You'll have heard the phrase "being the other woman": you know, being the other woman someone is with, in addition to their partner. It's a term that's long been used to refer to the mistress, the lover, or the single person engaging in emotional or physical relations with another person who's already taken.

It's common to read stories of people who've been cheated on: stories of heartbreak, despair and trust issues, shock, turmoil and deep, deep hurt. That said, hearing the version of events from the person who instigated the cheating is rarer. 

Below Laura* shares her story - of being the "other woman" but being plagued by feelings of worry and guilt throughout the affair. While these feelings will differ from person to person and we're never here to judge, below, she shares her story. 

Take it as a warning, mere words of wisdom or simply a life lesson, and keep reading for one perspective of what it's really like being the other woman, plus a little on why people cheat, from a woman who's done it themselves.

Read our first-persons on open relationships, having your first threesome, and premature female ejaculation, while you're here. 

What being the other woman really feels like

Laura* started dating her now fiance when she was 22 years old - while he had another partner. 

"There's no way of saying it without sounding like a terrible person, but here goes: when my partner and I got together, he was involved with someone else. I was the other woman."

"The phrase "other woman" is already loaded. She's a character, not a real person. She's supposed to be a predator who goes after men in happy marriages for her own selfish gain. Of course, that's not the reality. In truth, I was a slightly lost twenty-two-year-old receptionist with no desire to "steal" anyone's boyfriend. I fell for my now fiance - hard. Despite being with other people, we couldn't stay away from each other."

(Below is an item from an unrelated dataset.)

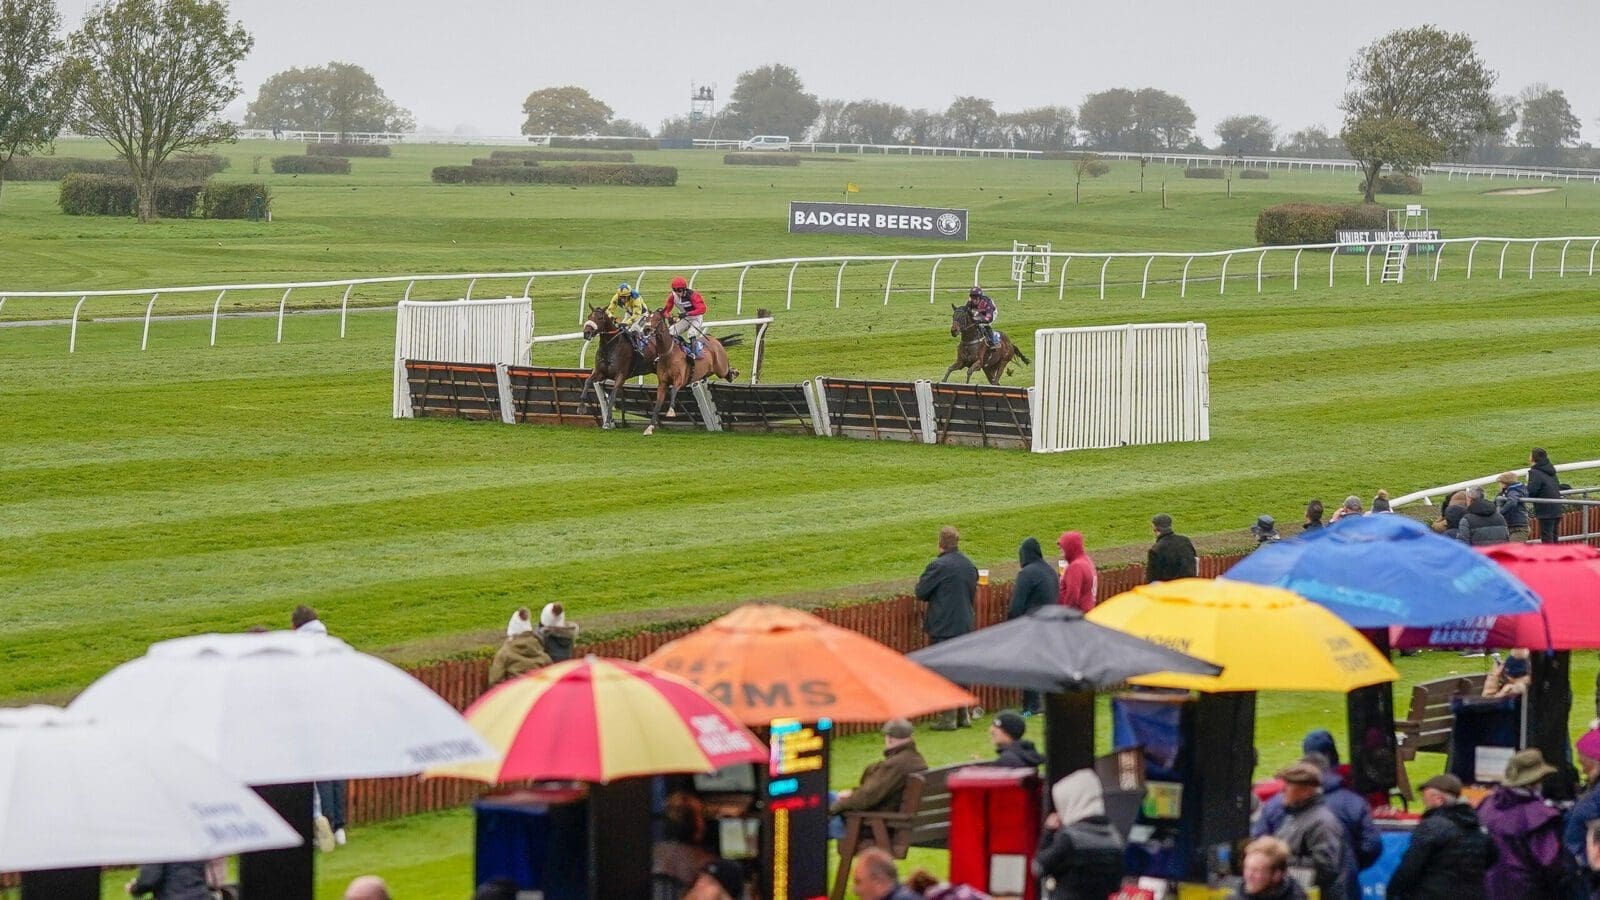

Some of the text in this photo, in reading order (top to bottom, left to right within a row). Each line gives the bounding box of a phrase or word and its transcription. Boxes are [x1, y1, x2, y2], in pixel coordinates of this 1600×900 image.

"I don't condone infidelity. In fact, I think it's one of the worst things you can do to someone as it crushes your trust and can ruin your relationship. If I discovered that my partner had cheated on me I would be devastated - I've never felt good about what happened."

The reality of being the other woman

"Being the other woman is not fun, whatever films and TV might tell you. There was no glitz or glamour - my life looked the exact same as before, except for an increasingly sexually charged friendship with a man I knew I should be staying away from."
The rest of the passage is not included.